My stance will always be the middle ground with solutions that go far beyond the pressure on mom to decide. Start from the risk-risk profile -- the risk of challenges impacting maternal health (we need more data) and the risk of not providing breast milk to an infant (we need more data). Both sides of the equation are equally important but we tend to skew towards baby. Accept that breast milk is the best option... but not if mom gets sick struggling to provide it. Yes, formula can be an "easy out"... in both a negative and positive way. And I still think the most critical thing here is not to aim towards influencing mothers' behaviors but making sure they have every bit of support (personal and structural) they need to make true choices around breastfeeding. That is what is currently missing (in my opinion).
One of my favorite insights from the conversation with Andrea was that she has no intention of pushing her breastfeeding journey as far as she did but when she had the support to make true choices along the way, she was able to keep it up without even realizing.
Molly, I totally agree with you. I do not want to underplay the importance of maternal mental health. No one should get sick trying and failing to breastfeed, or feeling guilty if they cannot. We are doing such a bad job of stressing the importance of healthy matrescence. It tends to get lost in the “support the baby with breastmilk” (at all costs). Our messages should not be mutually exclusive, not either/or but both/and. Term babies will always do fine when formula fed. For premature infants it is a different story. Thank goodness the CDC has a great interest in the epidemiology of breastfeeding, not only as a means of preventing asthma, diabetes, and obesity, but also a tool for SIDS prevention. Hopefully the studies will keep coming and our support for mothers postpartum will improve!

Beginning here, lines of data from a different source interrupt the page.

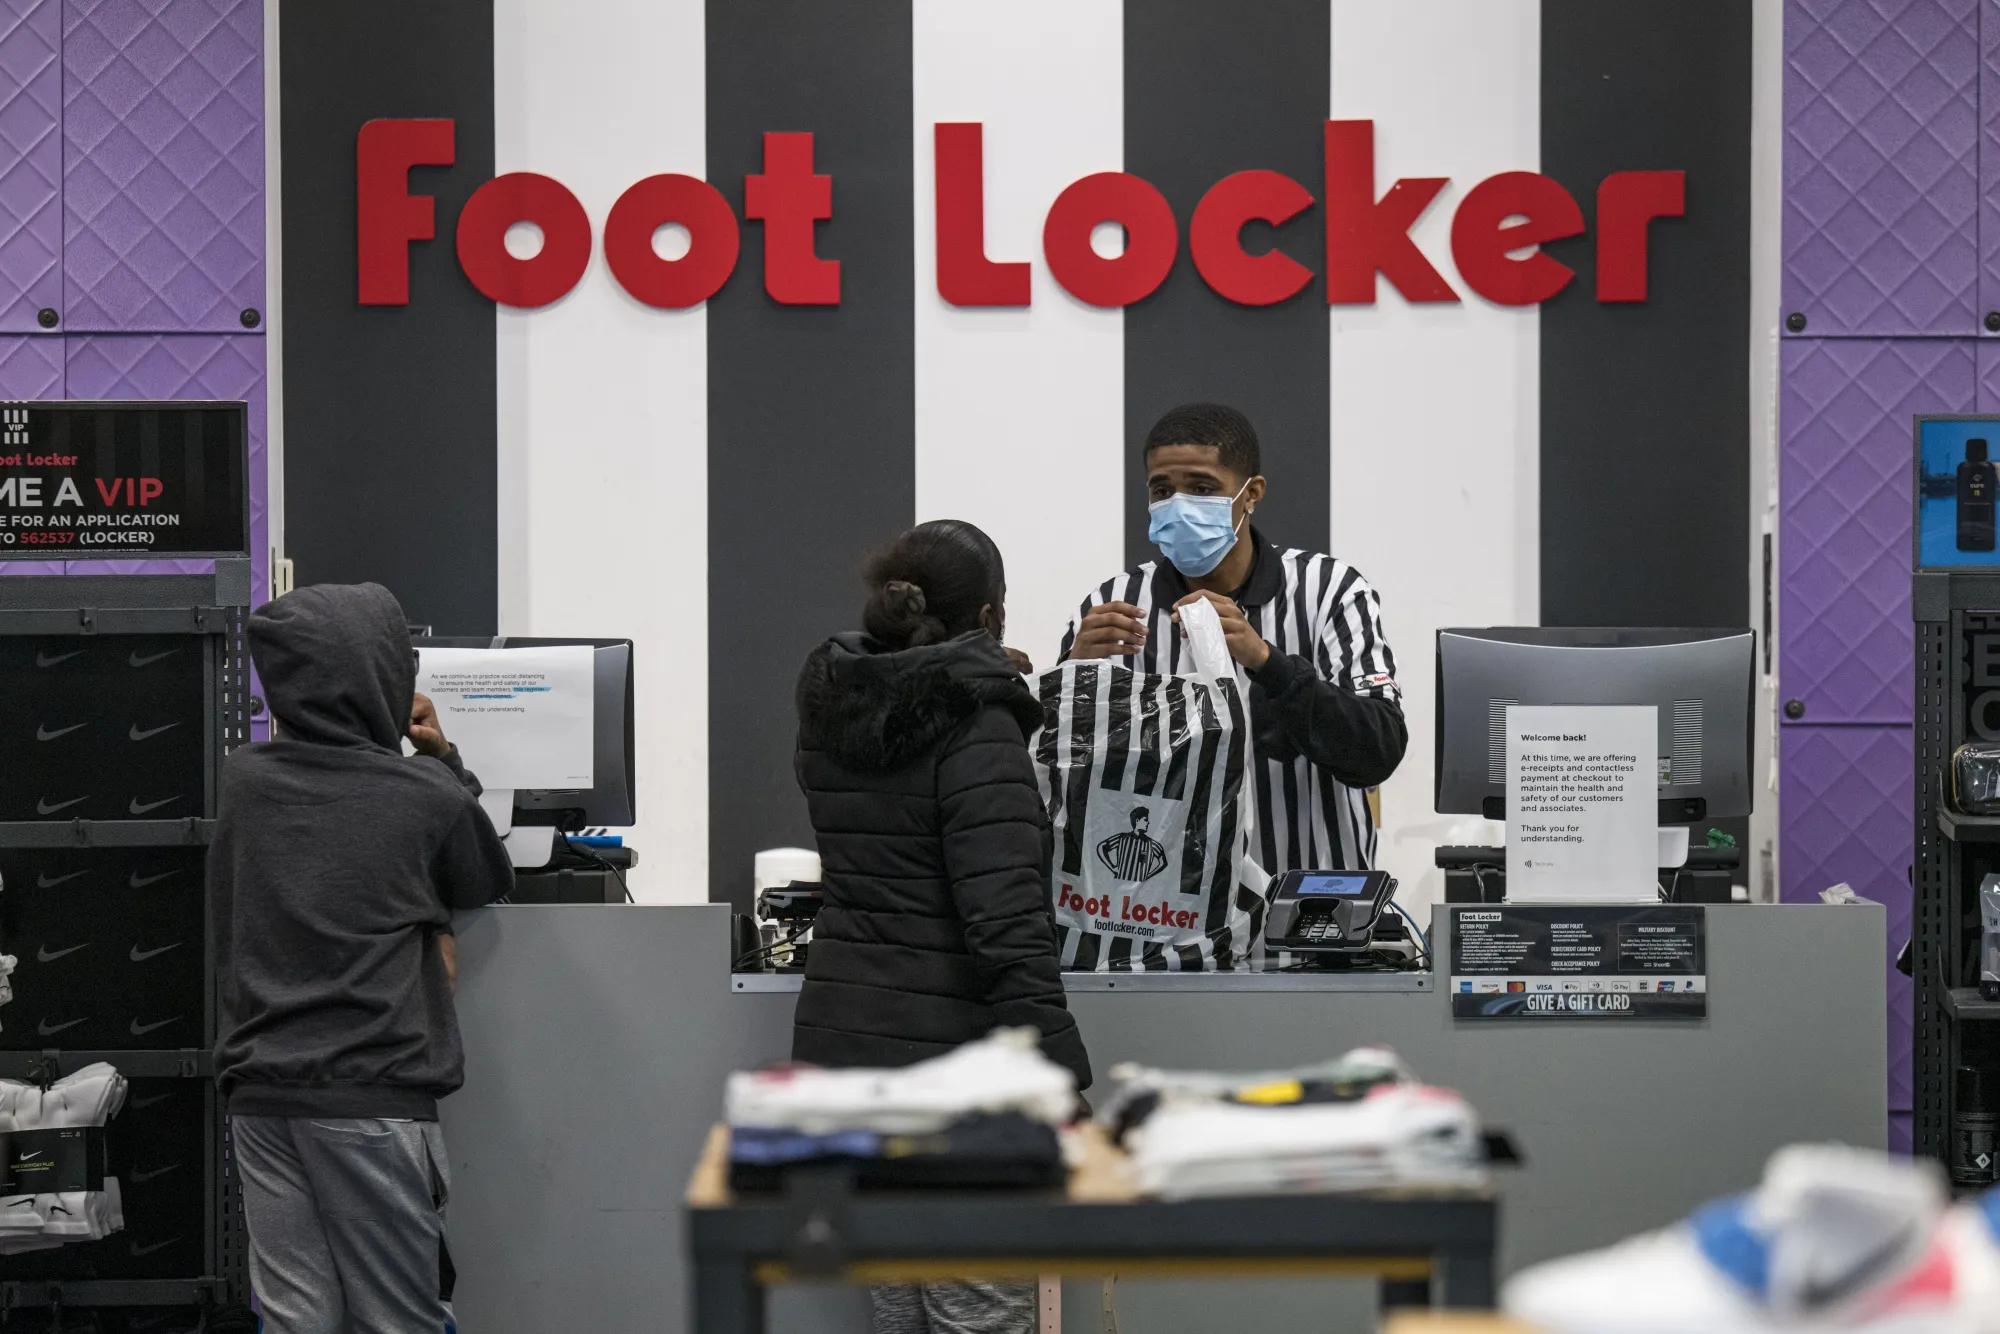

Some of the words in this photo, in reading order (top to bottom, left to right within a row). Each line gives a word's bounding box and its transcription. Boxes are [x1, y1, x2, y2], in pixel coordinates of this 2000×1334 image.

[357, 118, 841, 308] Foot
[934, 119, 1686, 307] Locker
[0, 453, 22, 466] oot
[26, 452, 78, 466] Locker
[0, 477, 43, 507] ME
[53, 477, 84, 507] A
[95, 477, 163, 507] VIP
[12, 516, 43, 526] FOR
[48, 516, 71, 526] AN
[76, 515, 179, 526] APPLICATION
[20, 532, 74, 544] 562537
[80, 532, 154, 544] (LOCKER)
[1521, 765, 1564, 773] e-receipts
[1521, 775, 1558, 783] payment
[1521, 835, 1584, 843] understanding.
[1058, 883, 1110, 918] Foot
[1122, 896, 1199, 929] Locker
[1094, 919, 1154, 937] footlocker.com
[1527, 995, 1554, 1010] GIVE
[1557, 995, 1565, 1010] A
[1568, 994, 1594, 1010] GIFT
[1598, 994, 1629, 1010] CARD
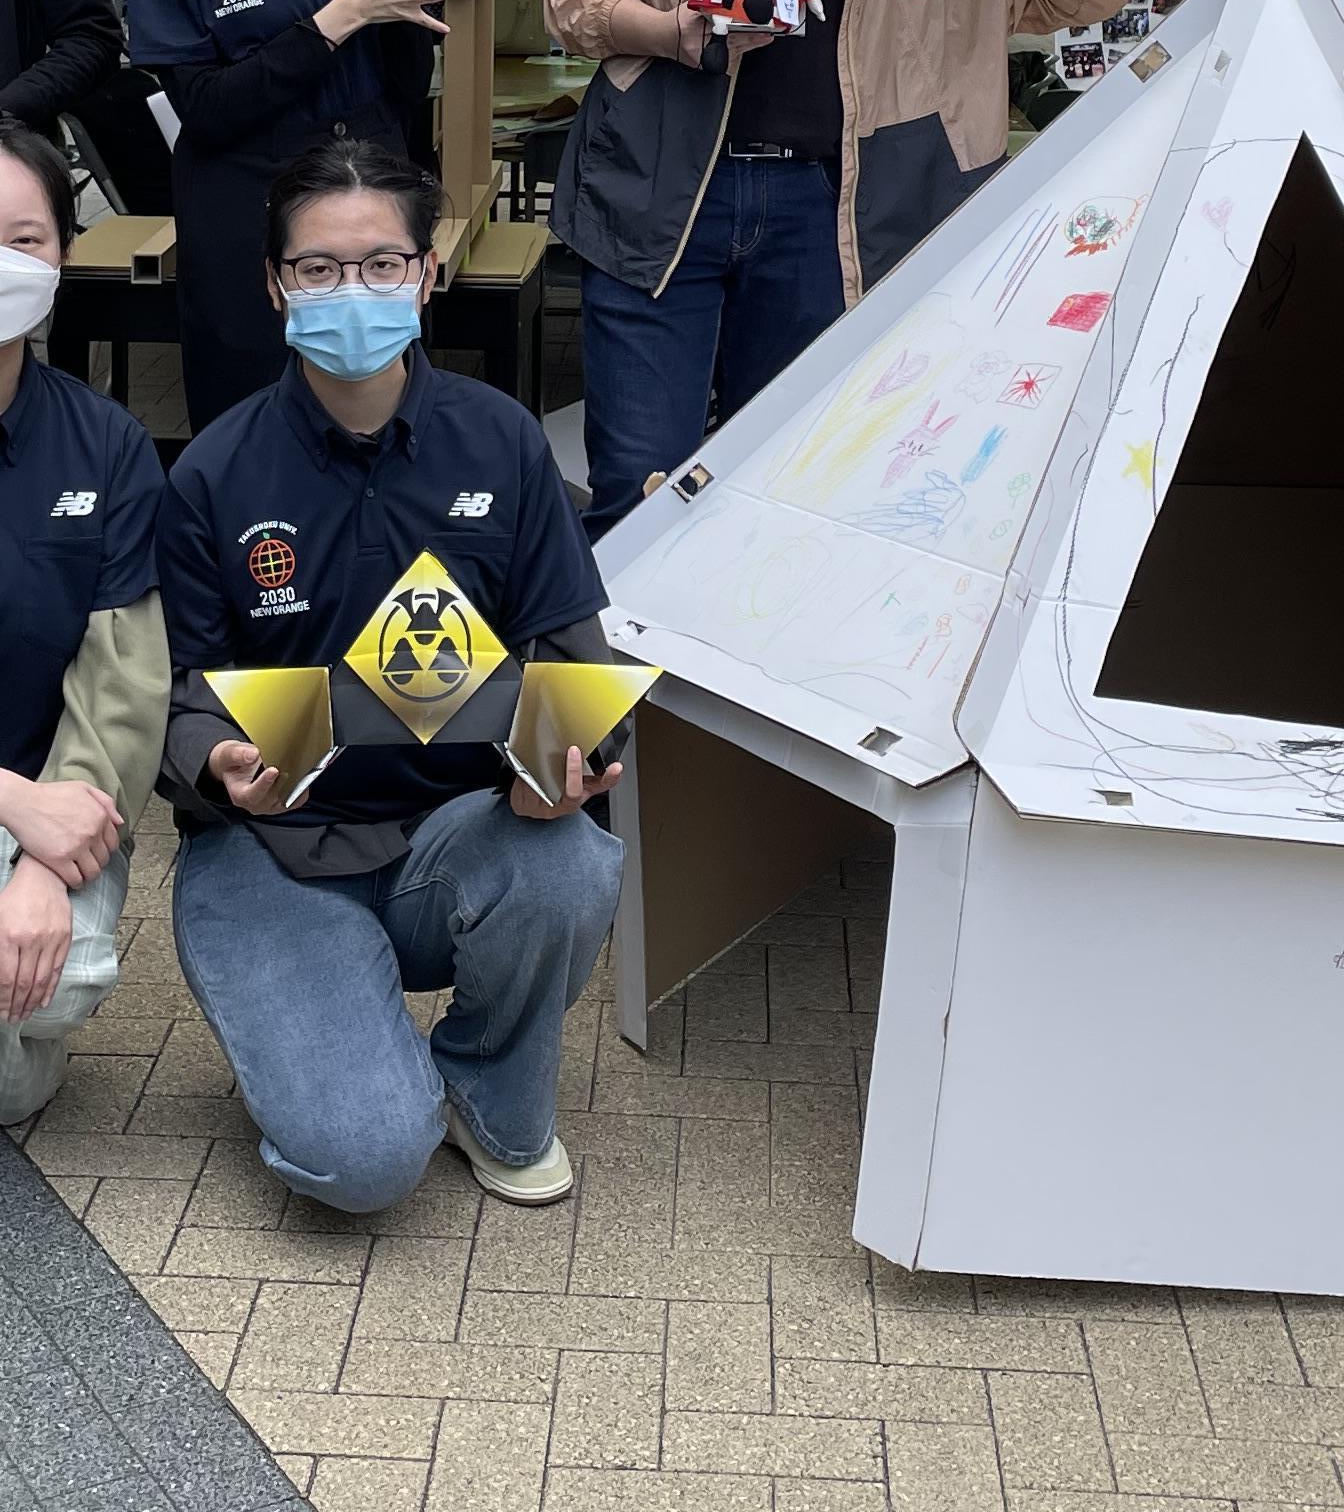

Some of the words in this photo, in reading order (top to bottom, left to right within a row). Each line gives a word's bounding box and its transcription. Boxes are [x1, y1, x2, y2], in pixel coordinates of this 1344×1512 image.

[259, 586, 296, 606] 2030
[249, 607, 273, 619] NEW
[272, 599, 311, 616] ORANGE

Absolutely! And, yes, the research on benefits of breast milk for premature infants is one area where there are very clear (and important) benefits.
We just need to make sure that those mothers have extra support and extra resources to support breastfeeding without the additional pressure. I loved this part of the discussion with Andrea where she brought up exactly this -- how important the exact words are when it comes to supporting NICU moms -- walking the line of knowing how valuable breast milk is without the language (and pressure) itself being an additional source of stress at a time when these mothers are already in one of the most stressful moments of their lives.